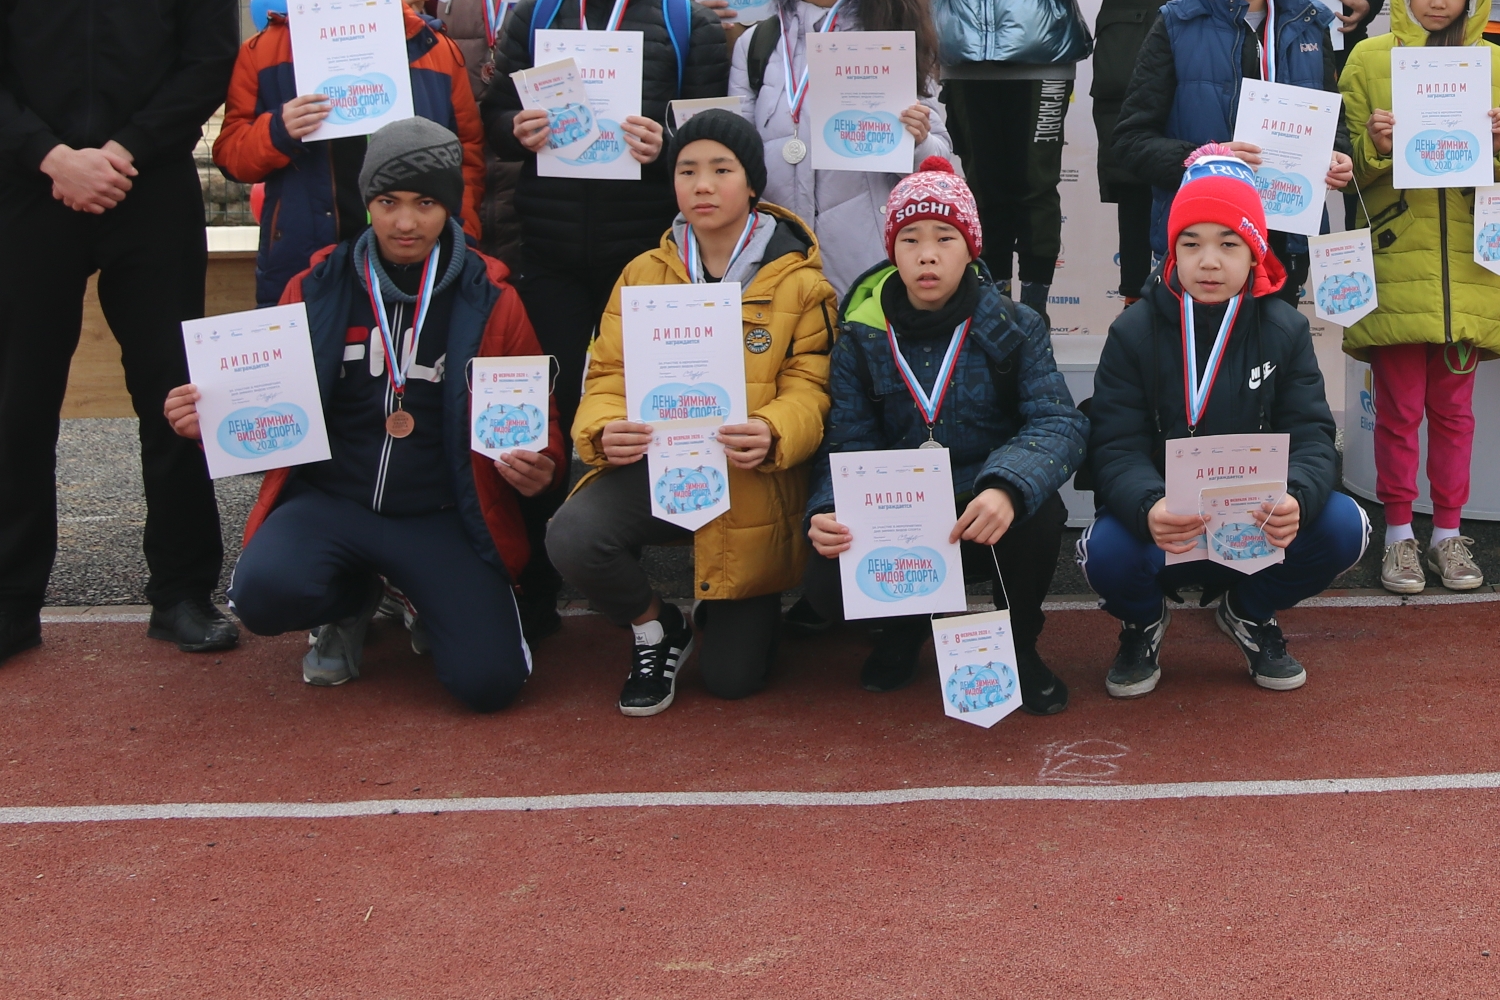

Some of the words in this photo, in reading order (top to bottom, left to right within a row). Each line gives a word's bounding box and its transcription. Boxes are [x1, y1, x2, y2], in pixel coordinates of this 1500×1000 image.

[320, 22, 377, 39] ДИПЛОМ
[835, 65, 890, 76] ДИПЛОМ
[1416, 83, 1467, 95] ДИПЛОМ
[347, 106, 367, 117] 2020
[1033, 79, 1066, 143] MPARABLE
[834, 119, 856, 132] ДЕНЬ
[858, 120, 891, 132] ЗИМНИХ
[1261, 118, 1313, 136] ДИПЛОМ
[840, 131, 866, 142] ВИДОВ
[866, 131, 895, 144] СПОРТА
[854, 142, 873, 152] 2020
[1415, 139, 1436, 153] ДЕНЬ
[1437, 139, 1469, 150] ЗИМНИХ
[1420, 149, 1445, 161] ВИДОВ
[1446, 149, 1473, 161] СПОРТА
[366, 141, 462, 196] MERRE
[1434, 160, 1452, 170] 2020
[1209, 164, 1255, 187] RUS
[1270, 179, 1303, 195] ЗИМНИХ
[1277, 192, 1304, 207] СПОРТА
[1488, 197, 1492, 205] 8
[895, 201, 951, 223] SOCHI
[1264, 201, 1282, 212] 2020
[1325, 248, 1330, 257] 8
[1048, 295, 1080, 305] ГАЗПРОМ
[653, 326, 713, 341] ДИПЛОМ
[220, 348, 283, 370] ДИПЛОМ
[1251, 361, 1271, 381] NIKE
[492, 373, 498, 383] 8
[652, 395, 677, 410] ДЕНЬ
[679, 395, 717, 407] ЗИМНИХ
[659, 407, 689, 420] ВИДОВ
[689, 406, 722, 418] СПОРТА
[228, 419, 254, 435] ДЕНЬ
[254, 414, 294, 427] ЗИМНИХ
[1361, 416, 1375, 432] Elist
[237, 429, 267, 442] ВИДОВ
[268, 424, 302, 439] СПОРТА
[256, 439, 278, 451] 2020
[667, 436, 673, 446] 8
[1196, 465, 1258, 479] ДИПЛОМ
[865, 491, 925, 506] ДИПЛОМ
[1224, 498, 1230, 506] 8
[878, 503, 912, 511] награждается
[868, 558, 893, 574] ДЕНЬ
[894, 559, 932, 570] ЗИМНИХ
[875, 571, 905, 584] ВИДОВ
[906, 569, 939, 583] СПОРТА
[893, 582, 914, 594] 2020
[955, 633, 961, 644] 8
[976, 679, 1000, 687] ЗИМНИХ
[965, 687, 983, 696] ВИДОВ
────────────────────
Reproduce the listing exactly, but omit every picture in it.

Some of the words in this photo, in reading order (top to bottom, left to right within a row). Each line gives a word's bounding box and its transcription. Boxes are [x1, y1, x2, y2], in pixel coordinates of this 1500×1000 image.

[320, 22, 377, 39] ДИПЛОМ
[835, 65, 890, 76] ДИПЛОМ
[1416, 83, 1467, 95] ДИПЛОМ
[347, 106, 367, 117] 2020
[1033, 79, 1066, 143] MPARABLE
[834, 119, 856, 132] ДЕНЬ
[858, 120, 891, 132] ЗИМНИХ
[1261, 118, 1313, 136] ДИПЛОМ
[840, 131, 866, 142] ВИДОВ
[866, 131, 895, 144] СПОРТА
[854, 142, 873, 152] 2020
[1415, 139, 1436, 153] ДЕНЬ
[1437, 139, 1469, 150] ЗИМНИХ
[1420, 149, 1445, 161] ВИДОВ
[1446, 149, 1473, 161] СПОРТА
[366, 141, 462, 196] MERRE
[1434, 160, 1452, 170] 2020
[1209, 164, 1255, 187] RUS
[1270, 179, 1303, 195] ЗИМНИХ
[1277, 192, 1304, 207] СПОРТА
[1488, 197, 1492, 205] 8
[895, 201, 951, 223] SOCHI
[1264, 201, 1282, 212] 2020
[1325, 248, 1330, 257] 8
[1048, 295, 1080, 305] ГАЗПРОМ
[653, 326, 713, 341] ДИПЛОМ
[220, 348, 283, 370] ДИПЛОМ
[1251, 361, 1271, 381] NIKE
[492, 373, 498, 383] 8
[652, 395, 677, 410] ДЕНЬ
[679, 395, 717, 407] ЗИМНИХ
[659, 407, 689, 420] ВИДОВ
[689, 406, 722, 418] СПОРТА
[228, 419, 254, 435] ДЕНЬ
[254, 414, 294, 427] ЗИМНИХ
[1361, 416, 1375, 432] Elist
[237, 429, 267, 442] ВИДОВ
[268, 424, 302, 439] СПОРТА
[256, 439, 278, 451] 2020
[667, 436, 673, 446] 8
[1196, 465, 1258, 479] ДИПЛОМ
[865, 491, 925, 506] ДИПЛОМ
[1224, 498, 1230, 506] 8
[878, 503, 912, 511] награждается
[868, 558, 893, 574] ДЕНЬ
[894, 559, 932, 570] ЗИМНИХ
[875, 571, 905, 584] ВИДОВ
[906, 569, 939, 583] СПОРТА
[893, 582, 914, 594] 2020
[955, 633, 961, 644] 8
[976, 679, 1000, 687] ЗИМНИХ
[965, 687, 983, 696] ВИДОВ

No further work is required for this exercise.